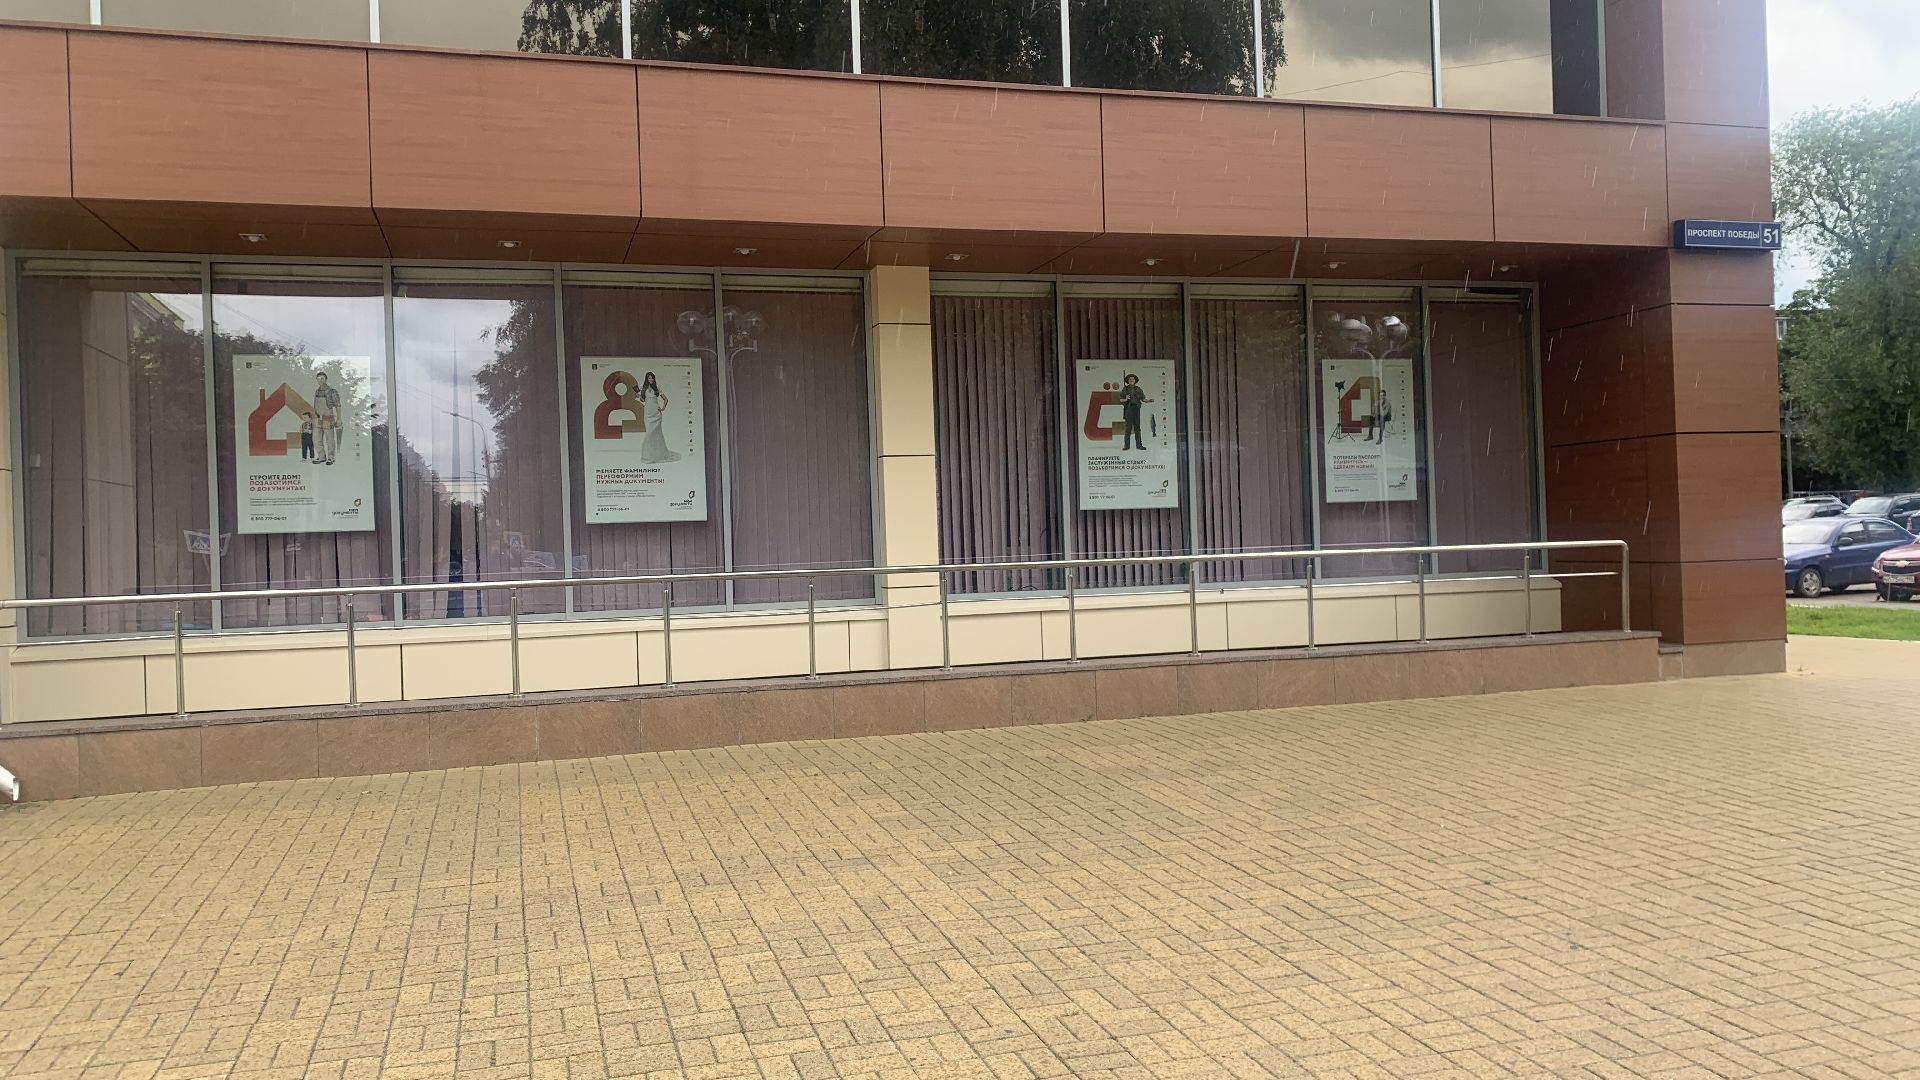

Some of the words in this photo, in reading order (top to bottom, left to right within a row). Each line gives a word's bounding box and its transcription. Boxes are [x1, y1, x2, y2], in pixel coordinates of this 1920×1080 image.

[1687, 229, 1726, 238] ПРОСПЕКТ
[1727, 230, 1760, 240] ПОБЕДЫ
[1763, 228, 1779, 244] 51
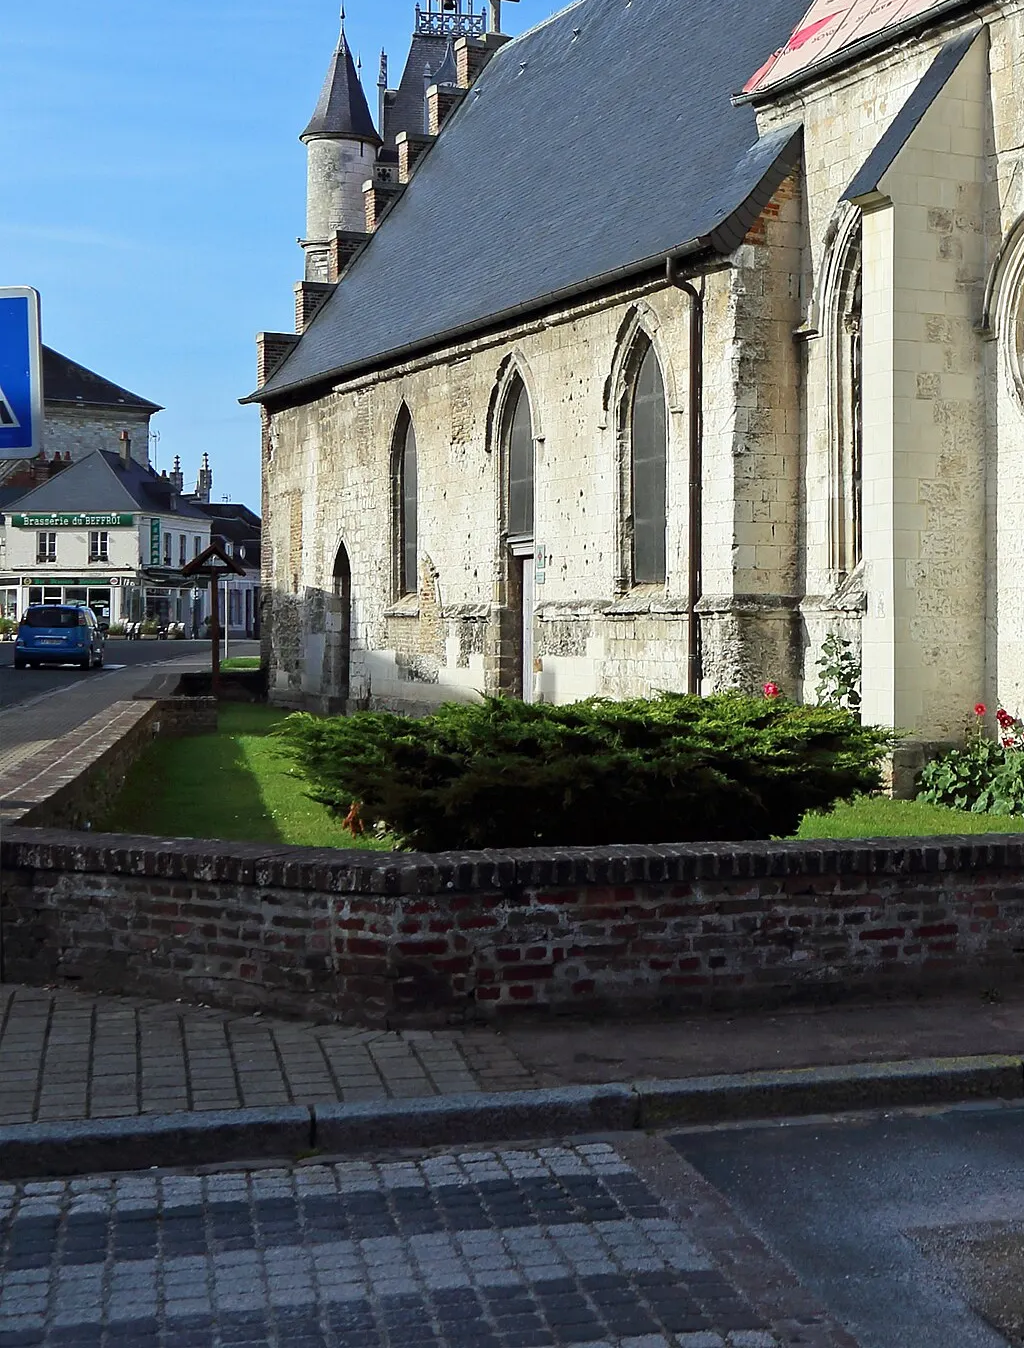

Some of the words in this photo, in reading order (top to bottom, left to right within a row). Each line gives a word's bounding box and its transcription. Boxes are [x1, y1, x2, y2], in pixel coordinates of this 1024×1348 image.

◆ WHAT NEEDS TO BE DONE ◆
Everything in the material above must be repeated exactly, apart from its pictures.

◆ PROBLEM SOLUTION ◆
Some of the words in this photo, in reading order (top to bottom, left to right within a row). Each line gives a word's bounding box and its transcription. Boxes are [x1, y1, x2, y2], in pixel coordinates of this 1920×1080 image.

[1687, 229, 1726, 238] ПРОСПЕКТ
[1727, 230, 1760, 240] ПОБЕДЫ
[1763, 228, 1779, 244] 51

Some of the words in this photo, in reading order (top to bottom, left to right within a row). Each line gives a word's bounding box and its transcription. Boxes are [x1, y1, x2, y2], in pixel coordinates of this 1024×1348 image.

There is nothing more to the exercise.